Children are born ready to learn. Everyday experiences from the time of birth are helping them to hone the early literacy skills they need to become lifelong readers. This doesn’t mean that every day needs to feel like a school day. Rather, children learn when those around them talk, sing, play and read with them during the most mundane of activities.
This is something I continually tell the caregivers who bring their children to the Littles programs at Anythink Brighton, designed for ages birth to 4 years old.

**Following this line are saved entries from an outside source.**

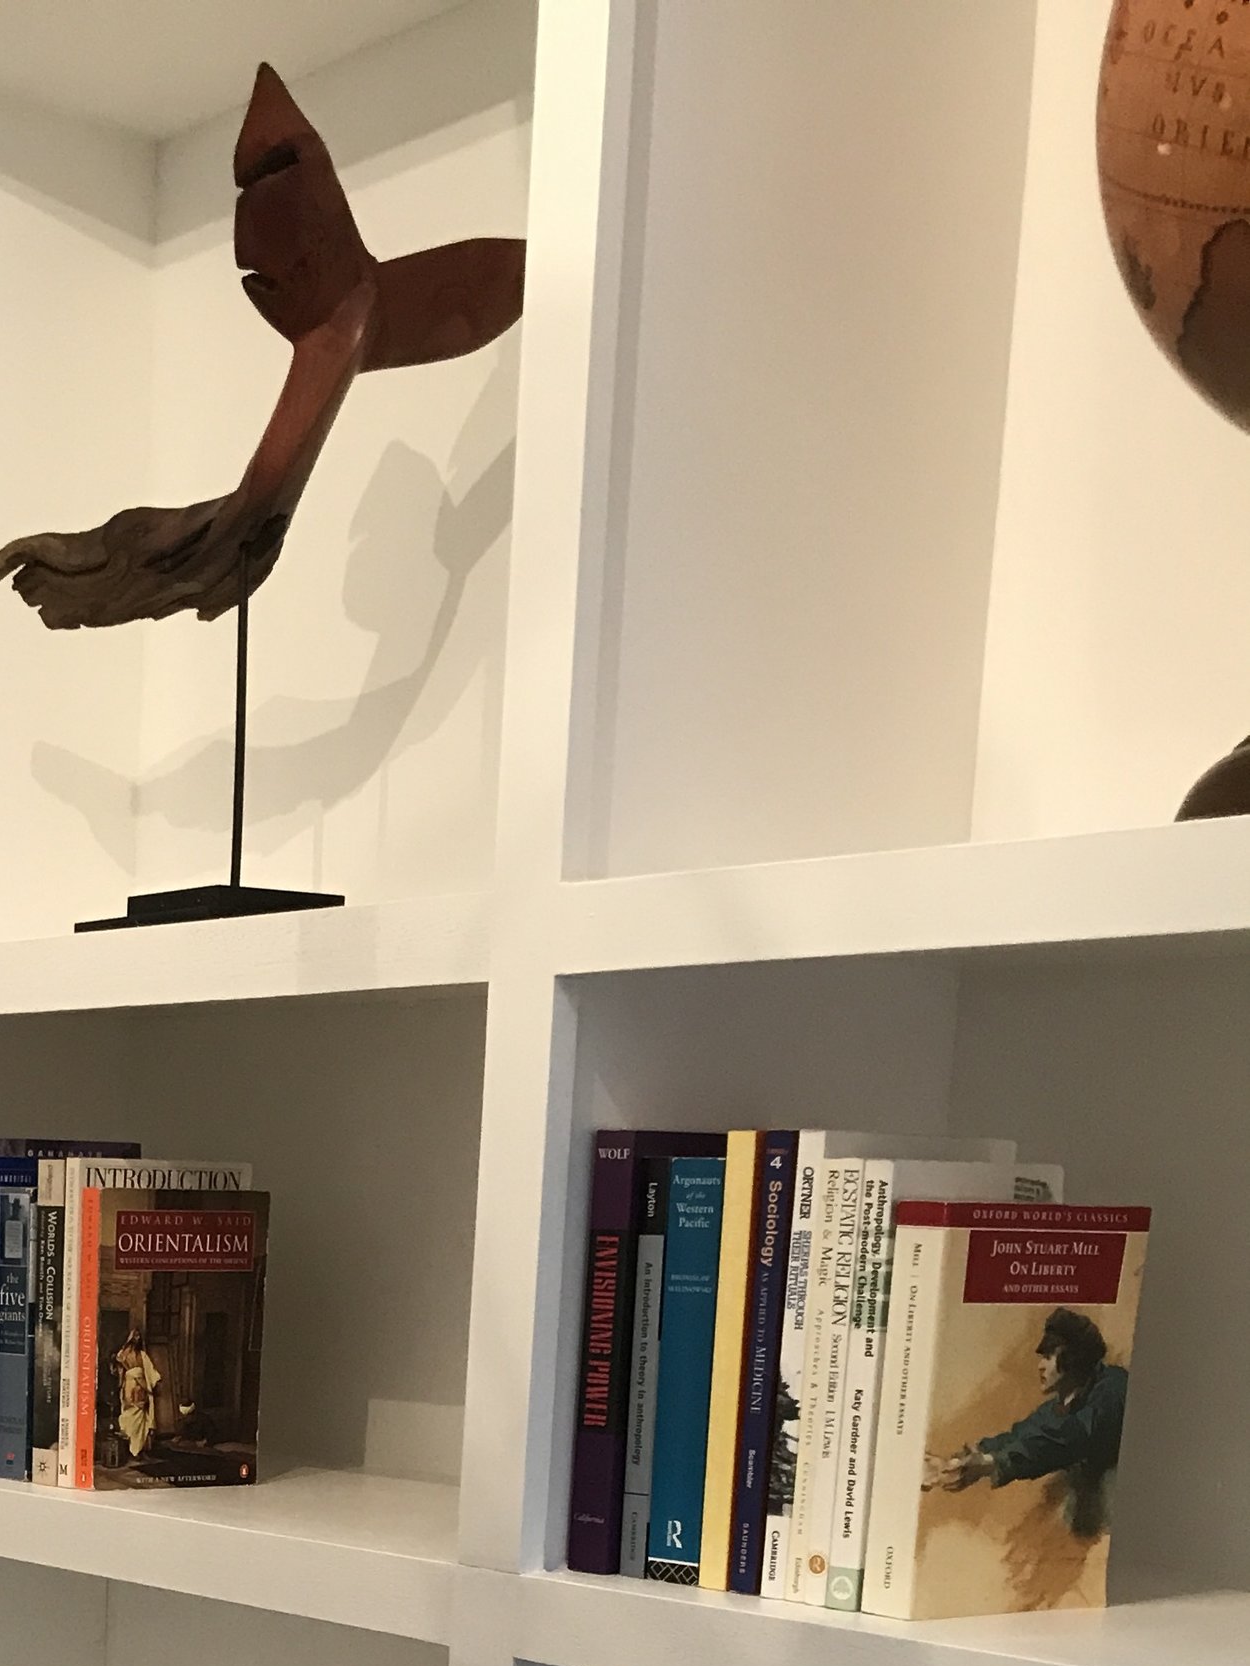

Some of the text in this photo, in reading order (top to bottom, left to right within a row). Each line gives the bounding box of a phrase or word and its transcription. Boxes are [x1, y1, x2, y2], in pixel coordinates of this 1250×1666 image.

[598, 1147, 631, 1160] WOLF
[770, 1155, 782, 1170] 4
[86, 1167, 242, 1190] INTRODUCTION
[672, 1175, 721, 1188] Argonauts
[799, 1166, 814, 1220] ORTNER
[646, 1182, 658, 1217] Layton
[676, 1203, 715, 1213] Western
[973, 1209, 1129, 1223] OXFORD WORLD'S CLASSICS
[46, 1211, 58, 1257] WORLDS
[121, 1215, 251, 1226] EDWARD W. SAID
[678, 1217, 711, 1228] Pacific
[761, 1180, 782, 1267] Sociology
[818, 1169, 840, 1287] Religion & Magic
[118, 1233, 249, 1252] ORIENTALISM
[120, 1257, 150, 1265] WESTERN
[151, 1257, 198, 1265] CONCEPTIONS
[223, 1257, 248, 1265] ORIENT
[853, 1180, 875, 1330] the Post-modern Challenge
[990, 1239, 1101, 1257] JOHN STUART MILL
[6, 1272, 19, 1284] the
[761, 1271, 770, 1283] AS
[786, 1231, 801, 1310] THEIR RITUALS
[794, 1230, 812, 1330] SHERPAS THROUGH
[864, 1179, 888, 1358] Anthropology, Development and
[1009, 1261, 1077, 1276] ON LIBERTY
[0, 1283, 26, 1307] five
[45, 1266, 56, 1320] COLLISION
[757, 1286, 768, 1325] APPLIED
[1003, 1284, 1079, 1294] AND OTHER ESSAYS
[583, 1235, 620, 1427] ENVISIONING POWER
[821, 1169, 860, 1459] ECSTATIC RELIGION Second Edition Lewis
[756, 1328, 766, 1343] TO
[811, 1309, 825, 1376] Approaches
[81, 1316, 91, 1416] ORIENTALISM
[631, 1262, 653, 1466] An introduction to theory in anthropology
[903, 1346, 912, 1367] AND
[750, 1346, 767, 1414] MEDICINE
[900, 1367, 910, 1400] OTHER
[805, 1396, 817, 1446] Theories
[896, 1402, 906, 1436] ESSAYS
[746, 1449, 756, 1489] Scambler
[842, 1389, 864, 1539] Katy Gardner and David Lewis
[797, 1462, 809, 1535] CUNNINGHAM
[629, 1511, 638, 1561] CAMBRIDGE
[739, 1523, 750, 1574] SAUNDERS
[768, 1530, 781, 1581] CAMBRIDGE
[792, 1557, 803, 1594] Edinburgh
[884, 1546, 894, 1590] OXFORD

Recently, the Littles program focused in on food with Little Chefs. With this program, I want to show caregivers that they can use everyday activities such as cooking to help their child develop early literacy skills. Each station features signs explaining how a particular activity enhances an early literacy skill. The playdough station encourages caregivers to help their child use the cookie cutters to make shapes. As they work together molding the dough, the caregiver talks to the child about texture, color and shapes. This act of talking to the child while they work teaches the child new words and sounds. By working with the dough, a child improves the fine motor skills needed later to be able to write. Another station has children following a recipe to make a snack mix. This includes counting out the cereal squares, teddy crackers, raisins and Cheerios. Caregivers are encouraged to let the children place each item in a snack bag, all the while talking through the process. At yet another station, caregivers help children follow a more in-depth recipe for oatmeal cookies.
It’s so much fun watching all of the caregivers get truly involved in the activities with their babies, toddlers and preschoolers. Since I’m the one to clean, they aren’t afraid of making messes, freeing them to truly have fun with their little ones. This is especially true at my favorite station, where tarps are laid out on the floor with large bowls of flour, mixing spoons, and flour sifters. Fine motor skills are developed as the kids stir, dump and sift flour. Everyone becomes covered in the white dust and laughter ensues. Through this program, customers are able to experience cooking in a whole new way. Caregivers learn that they have the tools to be the most influential early literacy teacher in their child’s life, and that sharing those skills can be fun and entertaining.